TASK
Copy the entries that follow, exactly and completely.

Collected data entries
....

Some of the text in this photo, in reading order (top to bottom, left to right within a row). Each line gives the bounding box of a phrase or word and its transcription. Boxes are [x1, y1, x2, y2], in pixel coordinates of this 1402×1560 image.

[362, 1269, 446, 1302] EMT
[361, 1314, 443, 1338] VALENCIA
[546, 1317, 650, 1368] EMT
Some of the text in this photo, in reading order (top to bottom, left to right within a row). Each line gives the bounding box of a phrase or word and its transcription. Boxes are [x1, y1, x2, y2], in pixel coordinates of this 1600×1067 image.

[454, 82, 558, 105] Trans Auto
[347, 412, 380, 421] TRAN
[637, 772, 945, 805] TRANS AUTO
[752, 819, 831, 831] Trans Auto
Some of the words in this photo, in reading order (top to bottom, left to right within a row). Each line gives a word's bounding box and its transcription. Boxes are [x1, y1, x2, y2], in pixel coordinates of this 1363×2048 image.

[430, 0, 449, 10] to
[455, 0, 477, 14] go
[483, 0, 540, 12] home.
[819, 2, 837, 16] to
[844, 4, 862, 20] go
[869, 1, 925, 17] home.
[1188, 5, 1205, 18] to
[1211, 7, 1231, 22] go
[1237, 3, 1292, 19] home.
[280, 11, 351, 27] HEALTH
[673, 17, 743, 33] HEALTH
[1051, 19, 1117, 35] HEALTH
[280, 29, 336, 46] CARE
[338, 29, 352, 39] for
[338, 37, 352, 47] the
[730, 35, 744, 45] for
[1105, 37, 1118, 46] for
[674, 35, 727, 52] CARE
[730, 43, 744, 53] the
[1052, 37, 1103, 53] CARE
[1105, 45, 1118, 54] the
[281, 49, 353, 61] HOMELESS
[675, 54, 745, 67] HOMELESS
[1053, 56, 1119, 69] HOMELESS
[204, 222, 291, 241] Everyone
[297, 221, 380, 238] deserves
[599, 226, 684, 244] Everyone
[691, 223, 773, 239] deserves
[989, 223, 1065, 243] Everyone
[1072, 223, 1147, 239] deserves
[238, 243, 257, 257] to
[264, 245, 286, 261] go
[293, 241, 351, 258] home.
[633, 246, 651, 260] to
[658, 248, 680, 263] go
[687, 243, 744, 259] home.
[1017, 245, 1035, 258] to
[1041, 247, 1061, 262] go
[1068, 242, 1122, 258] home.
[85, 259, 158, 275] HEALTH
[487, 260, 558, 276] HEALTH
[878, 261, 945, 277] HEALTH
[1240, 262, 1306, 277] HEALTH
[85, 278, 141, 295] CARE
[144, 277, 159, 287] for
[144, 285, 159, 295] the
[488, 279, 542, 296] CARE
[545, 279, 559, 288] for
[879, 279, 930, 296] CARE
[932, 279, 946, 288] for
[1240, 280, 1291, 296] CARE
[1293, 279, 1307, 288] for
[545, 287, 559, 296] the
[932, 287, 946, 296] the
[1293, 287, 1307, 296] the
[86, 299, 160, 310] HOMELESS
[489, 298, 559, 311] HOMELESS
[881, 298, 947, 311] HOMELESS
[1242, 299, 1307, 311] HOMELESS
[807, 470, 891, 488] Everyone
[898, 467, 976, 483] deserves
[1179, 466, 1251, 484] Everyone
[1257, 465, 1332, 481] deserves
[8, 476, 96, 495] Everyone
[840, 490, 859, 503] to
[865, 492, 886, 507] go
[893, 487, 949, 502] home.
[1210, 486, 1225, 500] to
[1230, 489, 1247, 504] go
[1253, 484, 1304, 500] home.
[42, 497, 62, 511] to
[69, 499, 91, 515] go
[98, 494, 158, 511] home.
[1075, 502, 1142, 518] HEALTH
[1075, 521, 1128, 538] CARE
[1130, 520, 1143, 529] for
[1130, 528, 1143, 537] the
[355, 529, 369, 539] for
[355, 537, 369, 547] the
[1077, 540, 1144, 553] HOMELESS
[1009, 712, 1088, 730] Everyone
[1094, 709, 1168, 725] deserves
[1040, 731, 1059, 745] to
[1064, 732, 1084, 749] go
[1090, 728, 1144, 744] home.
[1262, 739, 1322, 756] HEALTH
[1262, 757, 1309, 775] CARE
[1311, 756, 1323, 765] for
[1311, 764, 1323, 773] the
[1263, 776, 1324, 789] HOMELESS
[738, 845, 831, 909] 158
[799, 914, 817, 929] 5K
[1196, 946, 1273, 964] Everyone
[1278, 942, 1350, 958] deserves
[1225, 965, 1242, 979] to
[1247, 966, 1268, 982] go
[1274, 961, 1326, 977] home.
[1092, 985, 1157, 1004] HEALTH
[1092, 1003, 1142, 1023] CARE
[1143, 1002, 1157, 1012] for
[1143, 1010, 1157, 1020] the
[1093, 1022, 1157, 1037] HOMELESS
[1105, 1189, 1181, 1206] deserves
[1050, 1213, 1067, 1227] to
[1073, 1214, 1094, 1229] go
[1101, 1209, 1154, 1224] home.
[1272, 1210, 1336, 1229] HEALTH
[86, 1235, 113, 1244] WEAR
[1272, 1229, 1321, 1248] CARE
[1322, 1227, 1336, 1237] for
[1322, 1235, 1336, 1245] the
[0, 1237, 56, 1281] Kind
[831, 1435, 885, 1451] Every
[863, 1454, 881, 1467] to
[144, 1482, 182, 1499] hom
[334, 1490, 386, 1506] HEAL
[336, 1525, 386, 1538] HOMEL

....

EXERCISE OUTPUT
Some of the text in this photo, in reading order (top to bottom, left to right within a row). Each line gives the bounding box of a phrase or word and its transcription. Boxes are [x1, y1, x2, y2], in pixel coordinates of this 1402×1560 image.

[362, 1269, 446, 1302] EMT
[361, 1314, 443, 1338] VALENCIA
[546, 1317, 650, 1368] EMT
Some of the text in this photo, in reading order (top to bottom, left to right within a row). Each line gives the bounding box of a phrase or word and its transcription. Boxes are [x1, y1, x2, y2], in pixel coordinates of this 1600×1067 image.

[454, 82, 558, 105] Trans Auto
[347, 412, 380, 421] TRAN
[637, 772, 945, 805] TRANS AUTO
[752, 819, 831, 831] Trans Auto
Some of the words in this photo, in reading order (top to bottom, left to right within a row). Each line gives a word's bounding box and its transcription. Boxes are [x1, y1, x2, y2], in pixel coordinates of this 1363×2048 image.

[430, 0, 449, 10] to
[455, 0, 477, 14] go
[483, 0, 540, 12] home.
[819, 2, 837, 16] to
[844, 4, 862, 20] go
[869, 1, 925, 17] home.
[1188, 5, 1205, 18] to
[1211, 7, 1231, 22] go
[1237, 3, 1292, 19] home.
[280, 11, 351, 27] HEALTH
[673, 17, 743, 33] HEALTH
[1051, 19, 1117, 35] HEALTH
[280, 29, 336, 46] CARE
[338, 29, 352, 39] for
[338, 37, 352, 47] the
[730, 35, 744, 45] for
[1105, 37, 1118, 46] for
[674, 35, 727, 52] CARE
[730, 43, 744, 53] the
[1052, 37, 1103, 53] CARE
[1105, 45, 1118, 54] the
[281, 49, 353, 61] HOMELESS
[675, 54, 745, 67] HOMELESS
[1053, 56, 1119, 69] HOMELESS
[204, 222, 291, 241] Everyone
[297, 221, 380, 238] deserves
[599, 226, 684, 244] Everyone
[691, 223, 773, 239] deserves
[989, 223, 1065, 243] Everyone
[1072, 223, 1147, 239] deserves
[238, 243, 257, 257] to
[264, 245, 286, 261] go
[293, 241, 351, 258] home.
[633, 246, 651, 260] to
[658, 248, 680, 263] go
[687, 243, 744, 259] home.
[1017, 245, 1035, 258] to
[1041, 247, 1061, 262] go
[1068, 242, 1122, 258] home.
[85, 259, 158, 275] HEALTH
[487, 260, 558, 276] HEALTH
[878, 261, 945, 277] HEALTH
[1240, 262, 1306, 277] HEALTH
[85, 278, 141, 295] CARE
[144, 277, 159, 287] for
[144, 285, 159, 295] the
[488, 279, 542, 296] CARE
[545, 279, 559, 288] for
[879, 279, 930, 296] CARE
[932, 279, 946, 288] for
[1240, 280, 1291, 296] CARE
[1293, 279, 1307, 288] for
[545, 287, 559, 296] the
[932, 287, 946, 296] the
[1293, 287, 1307, 296] the
[86, 299, 160, 310] HOMELESS
[489, 298, 559, 311] HOMELESS
[881, 298, 947, 311] HOMELESS
[1242, 299, 1307, 311] HOMELESS
[807, 470, 891, 488] Everyone
[898, 467, 976, 483] deserves
[1179, 466, 1251, 484] Everyone
[1257, 465, 1332, 481] deserves
[8, 476, 96, 495] Everyone
[840, 490, 859, 503] to
[865, 492, 886, 507] go
[893, 487, 949, 502] home.
[1210, 486, 1225, 500] to
[1230, 489, 1247, 504] go
[1253, 484, 1304, 500] home.
[42, 497, 62, 511] to
[69, 499, 91, 515] go
[98, 494, 158, 511] home.
[1075, 502, 1142, 518] HEALTH
[1075, 521, 1128, 538] CARE
[1130, 520, 1143, 529] for
[1130, 528, 1143, 537] the
[355, 529, 369, 539] for
[355, 537, 369, 547] the
[1077, 540, 1144, 553] HOMELESS
[1009, 712, 1088, 730] Everyone
[1094, 709, 1168, 725] deserves
[1040, 731, 1059, 745] to
[1064, 732, 1084, 749] go
[1090, 728, 1144, 744] home.
[1262, 739, 1322, 756] HEALTH
[1262, 757, 1309, 775] CARE
[1311, 756, 1323, 765] for
[1311, 764, 1323, 773] the
[1263, 776, 1324, 789] HOMELESS
[738, 845, 831, 909] 158
[799, 914, 817, 929] 5K
[1196, 946, 1273, 964] Everyone
[1278, 942, 1350, 958] deserves
[1225, 965, 1242, 979] to
[1247, 966, 1268, 982] go
[1274, 961, 1326, 977] home.
[1092, 985, 1157, 1004] HEALTH
[1092, 1003, 1142, 1023] CARE
[1143, 1002, 1157, 1012] for
[1143, 1010, 1157, 1020] the
[1093, 1022, 1157, 1037] HOMELESS
[1105, 1189, 1181, 1206] deserves
[1050, 1213, 1067, 1227] to
[1073, 1214, 1094, 1229] go
[1101, 1209, 1154, 1224] home.
[1272, 1210, 1336, 1229] HEALTH
[86, 1235, 113, 1244] WEAR
[1272, 1229, 1321, 1248] CARE
[1322, 1227, 1336, 1237] for
[1322, 1235, 1336, 1245] the
[0, 1237, 56, 1281] Kind
[831, 1435, 885, 1451] Every
[863, 1454, 881, 1467] to
[144, 1482, 182, 1499] hom
[334, 1490, 386, 1506] HEAL
[336, 1525, 386, 1538] HOMEL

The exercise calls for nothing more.